PHOENIX - A study from the Journal of American Pediatrics suggests it really doesn't make a difference if a child is breastfed or bottle fed when it comes to developing cognitive skills.
A group of about 7,400 Irish children were observed in the study that collected data focused on vocabulary and problem solving skills at ages 3 and 5.
The 3-year-olds who were breastfed were observed to be less hyperactive and also better at problem solving, but two years later there was an "insignificant" difference when compared to children who were bottle fed, according to the report.
"My mom had six children and she never breastfed any of them," said Candace Wood, a practicing OBGYN at the Banner – University Medicine Women's Institute. "Five of them have graduate degrees and none of us have any allergies, none of us had ear infections, which is contrary to what studies show."

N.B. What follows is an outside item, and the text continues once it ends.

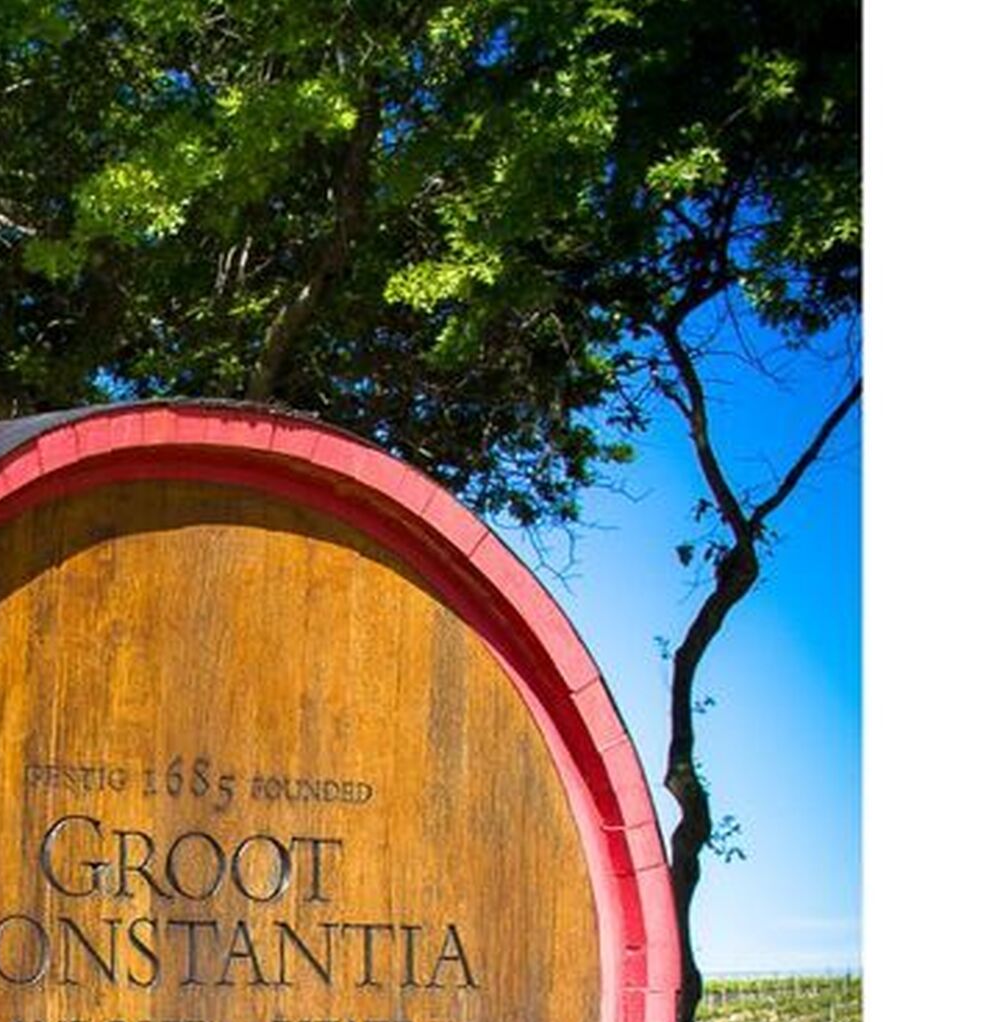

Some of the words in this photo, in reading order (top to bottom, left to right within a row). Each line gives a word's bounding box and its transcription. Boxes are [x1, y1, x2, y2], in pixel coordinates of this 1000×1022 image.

[142, 754, 236, 812] 1685
[250, 775, 373, 804] FOUNDED
[40, 814, 343, 902] GROOT
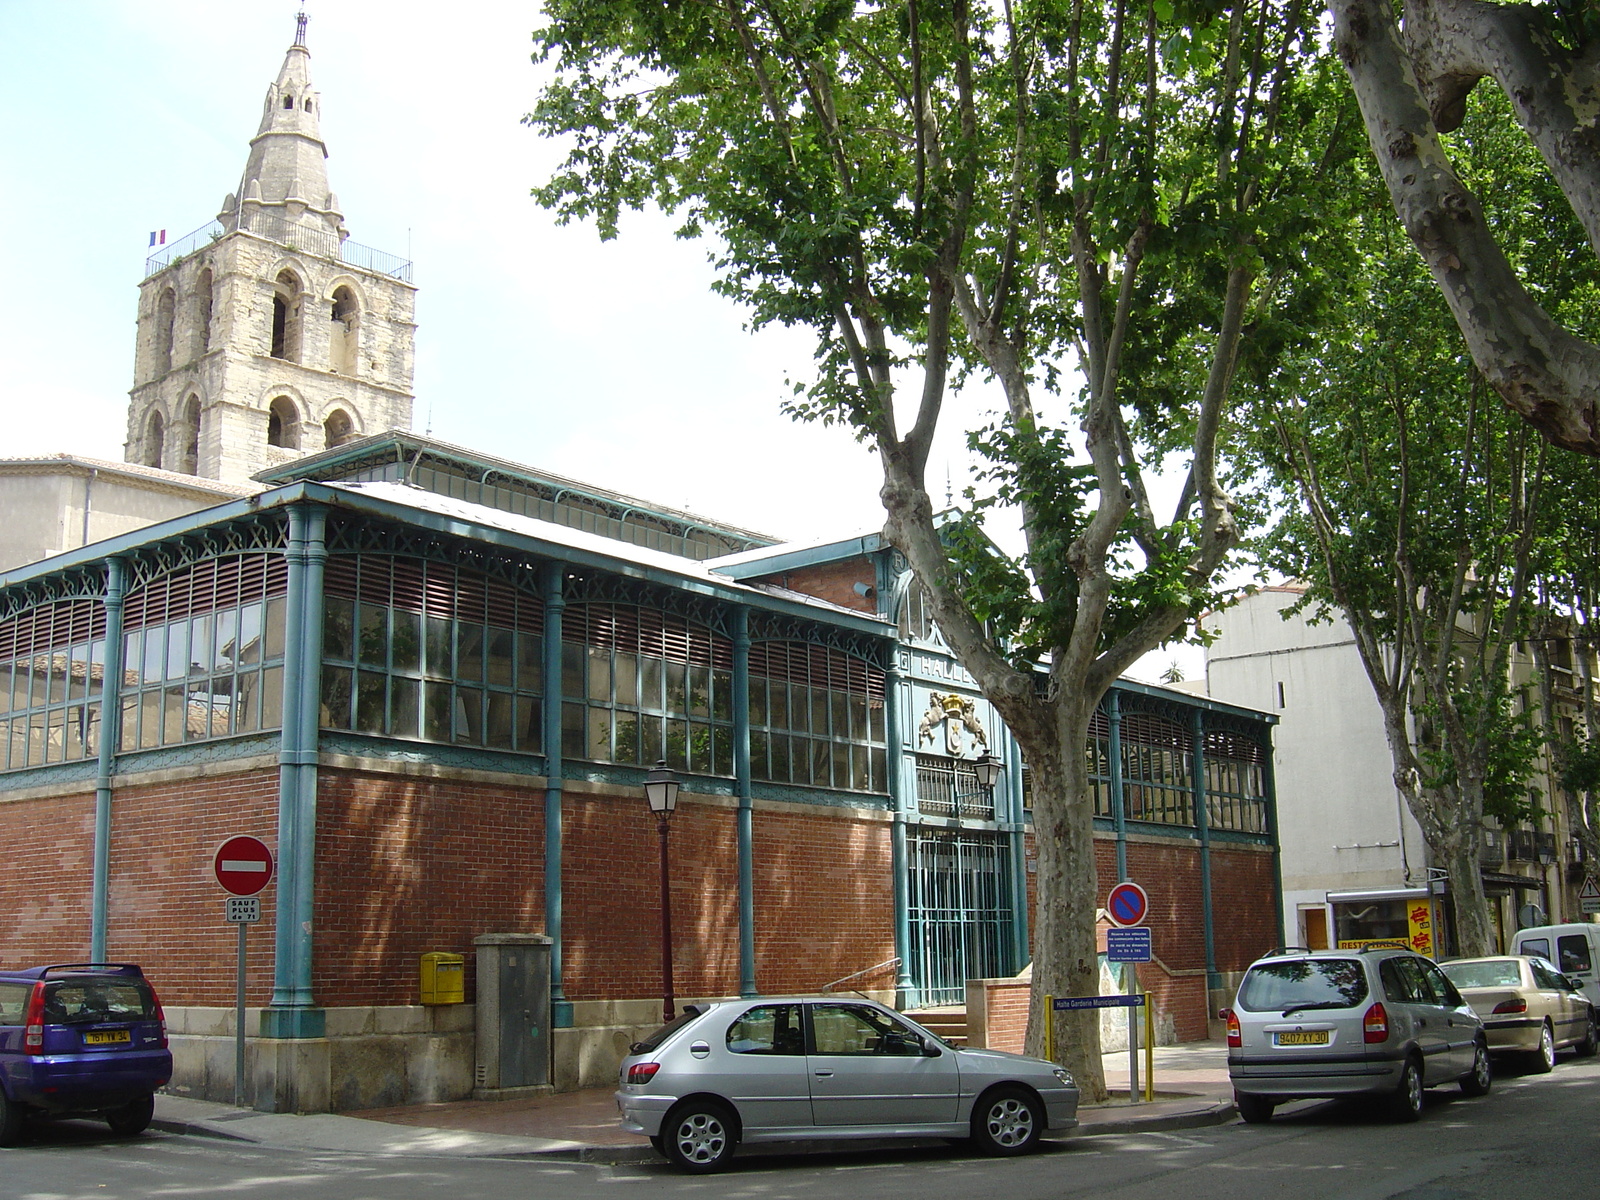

Dr. Wood is a mother of five and says she breastfed all of her children.
While she says she does believe there are proven benefits of breast milk, such as less risk for allergies, asthma and infections, she also stresses parents can raise happy, healthy children on a bottle.
Her stance is that there is no right or wrong answer, it's what's best for the parents and child.
"As a doctor who has patients who have had difficulty trying to breastfeed their child, it relieves me that I can tell them they're not doing their baby a potential cognitive harm that may be a lifelong issue," she said.